In addition to SNVs/indels, we detected 3498 private CNVs (specific to a SAGE family) in the offspring of which 623 intersected at least one RefSeq gene (Supplementary Table S4). After visualizing the de novo CNVs, we predicted 41 private CNVs to be de novo, including 19 deletions ranging in size from 302 bp to 6.6 Mbp, and 22 duplications ranging in size from 1 kbp to 9.2 Mbp.

Classification of disorder-related SNVs/indels

We set criteria to define and comprehensively characterize disorder-related SNVs/indels in this study (Supplementary Methods, Supplementary Table S5). We identified and validated 56 de novo disorder-related SNVs/indels (15 likely gene-disruptive [LGD], 40 missense, and 1 in-frame) from 52 genes in 49 affected individuals (Table 1, Supplementary Table S6). We identified and validated seven inherited disorder-related SNVs/indels (Table 1, Supplementary Table S7). We estimate that 25.4% of the affected offspring carry disorder-related SNVs/indels in one or more candidate genes. To evaluate how many patients carried clinically relevant variants, we further curated the disorder-related SNVs/indels following the standards and guidelines for the interpretation of sequence variants from the American College of Medical Genetics and Genomics (ACMG).27 In total, we classified 14 as pathogenic and 7 as likely pathogenic variants. Clinically relevant pathogenic or likely pathogenic SNVs/indels account for 8.9% of patients.

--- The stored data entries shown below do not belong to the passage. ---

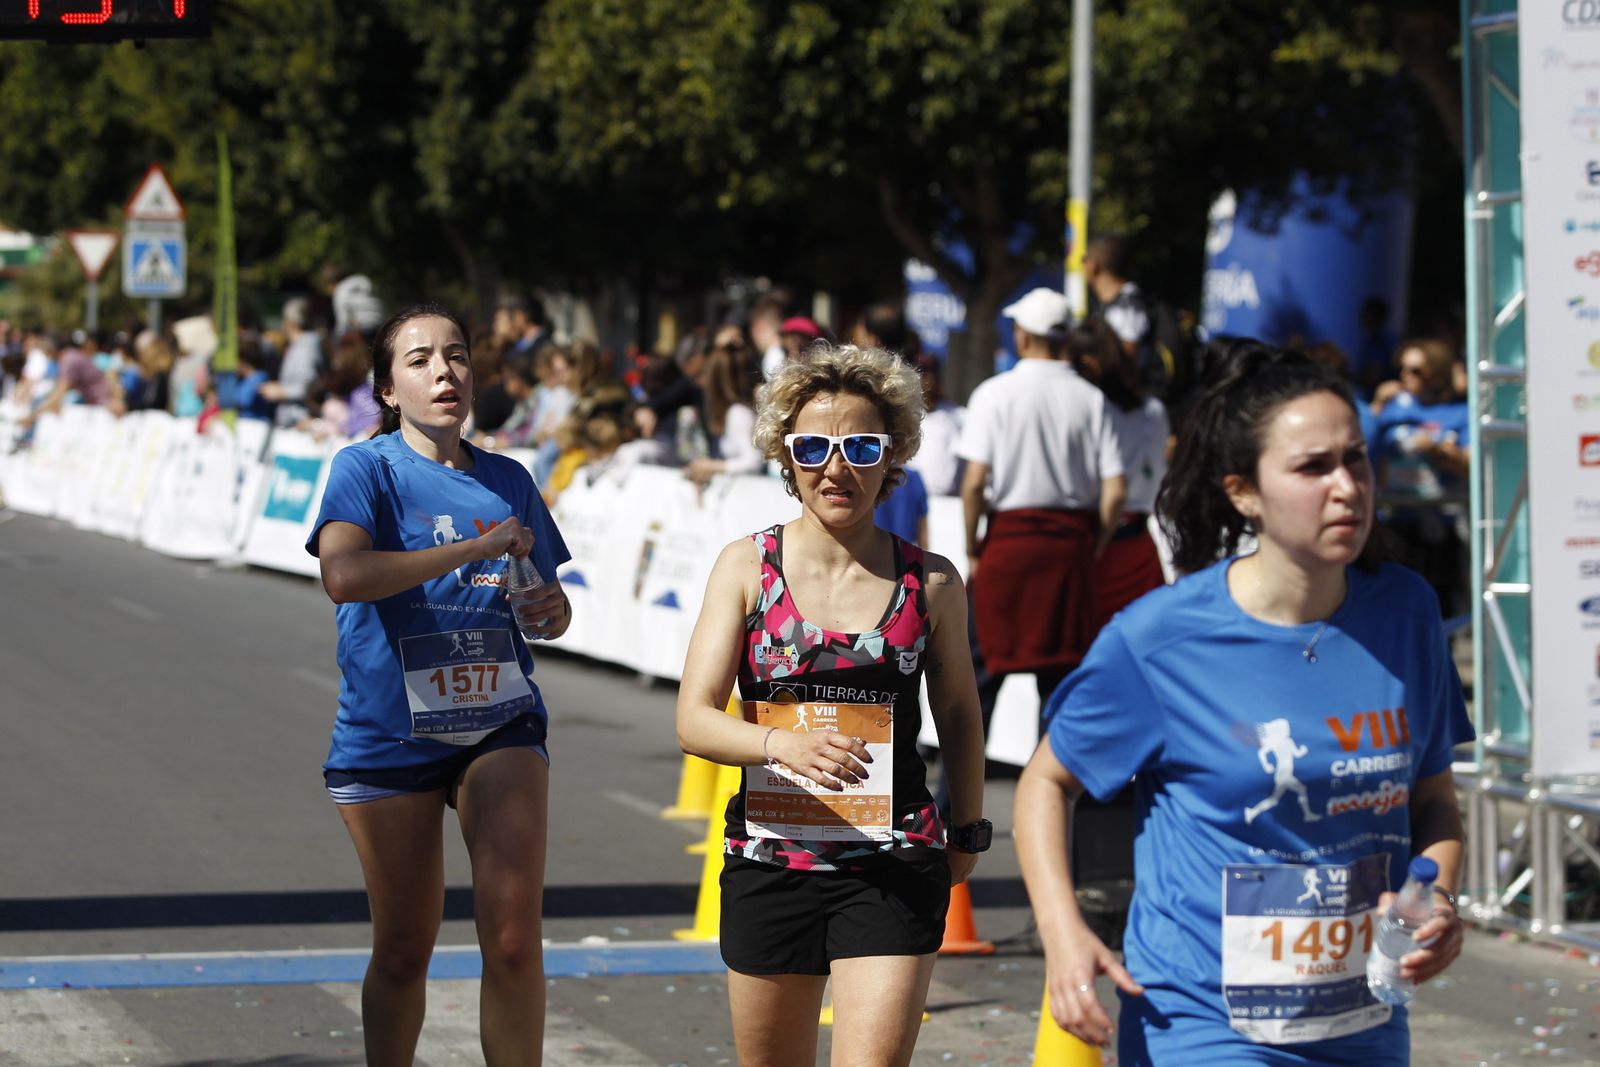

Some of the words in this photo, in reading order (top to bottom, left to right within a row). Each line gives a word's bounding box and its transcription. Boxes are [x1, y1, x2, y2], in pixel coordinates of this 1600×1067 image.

[1562, 0, 1600, 24] CD
[423, 602, 464, 612] IGUALDAD
[465, 632, 483, 640] VIII
[430, 664, 499, 696] 1577
[452, 694, 490, 704] CRISTINA
[812, 684, 877, 702] TIERRAS
[879, 691, 899, 704] DE
[813, 706, 837, 716] VIII
[1325, 707, 1409, 752] VIII
[767, 776, 812, 788] ESCUELA
[1261, 912, 1373, 961] 1491
[1296, 962, 1348, 976] RAQUEL

Table 1 Disorder-related single-nucleotide variants (SNVs)/indels

Multiple occurrences of de novo variants were identified in three NDD genes. We identified and validated two LGD variants in ARID1B, two missense variants in SYNCRIP, and two missense variants in SLITRK5 (Table 1). ARID1B de novo variants have been strongly implicated in ASD and ID. Recurrent SYNCRIP LGD variants were identified in ID1 and the probability of finding two de novo missense variants within this gene in a cohort of this size is significantly low (P= 8.7 × 10−7, Padj=0.02, one-tailed binomial test; Supplementary Methods). For SLITRK5, after integrating two de novo missense variants from denovo-db v.1.5, a compendium of primarily human de novo NDD variants,28 we identified a potential cluster of them for future investigation (Supplementary Figure S4).

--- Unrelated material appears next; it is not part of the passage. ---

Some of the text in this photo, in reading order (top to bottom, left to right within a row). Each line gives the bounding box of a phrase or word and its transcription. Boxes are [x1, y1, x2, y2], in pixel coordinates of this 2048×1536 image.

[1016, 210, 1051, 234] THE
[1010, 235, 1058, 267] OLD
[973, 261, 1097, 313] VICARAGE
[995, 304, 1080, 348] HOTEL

We also identified and validated variants in two other NDD genes, NR4A2 and MYT1, with putative missense clusters. We discovered a de novo frameshift variant in NR4A2, of which a cluster of four missense variants from denovo-db associated with the DNA-binding domain was observed (Supplementary Figure S4). We similarly discovered a de novo missense variant in MYT1 (CADD score = 25), a paralog of the autism-associated MYT1L. Sporadic case reports of MYT1 de novo missense variants were identified in patients with oculo-auriculo-vertebral spectrum (OAVS), which presents with autism-like features.29 Interestingly, a de novo missense variant, which is in close proximity to the one identified in this study, was recently detected in a patient with developmental delay from denovo-db (Supplementary Figure S4).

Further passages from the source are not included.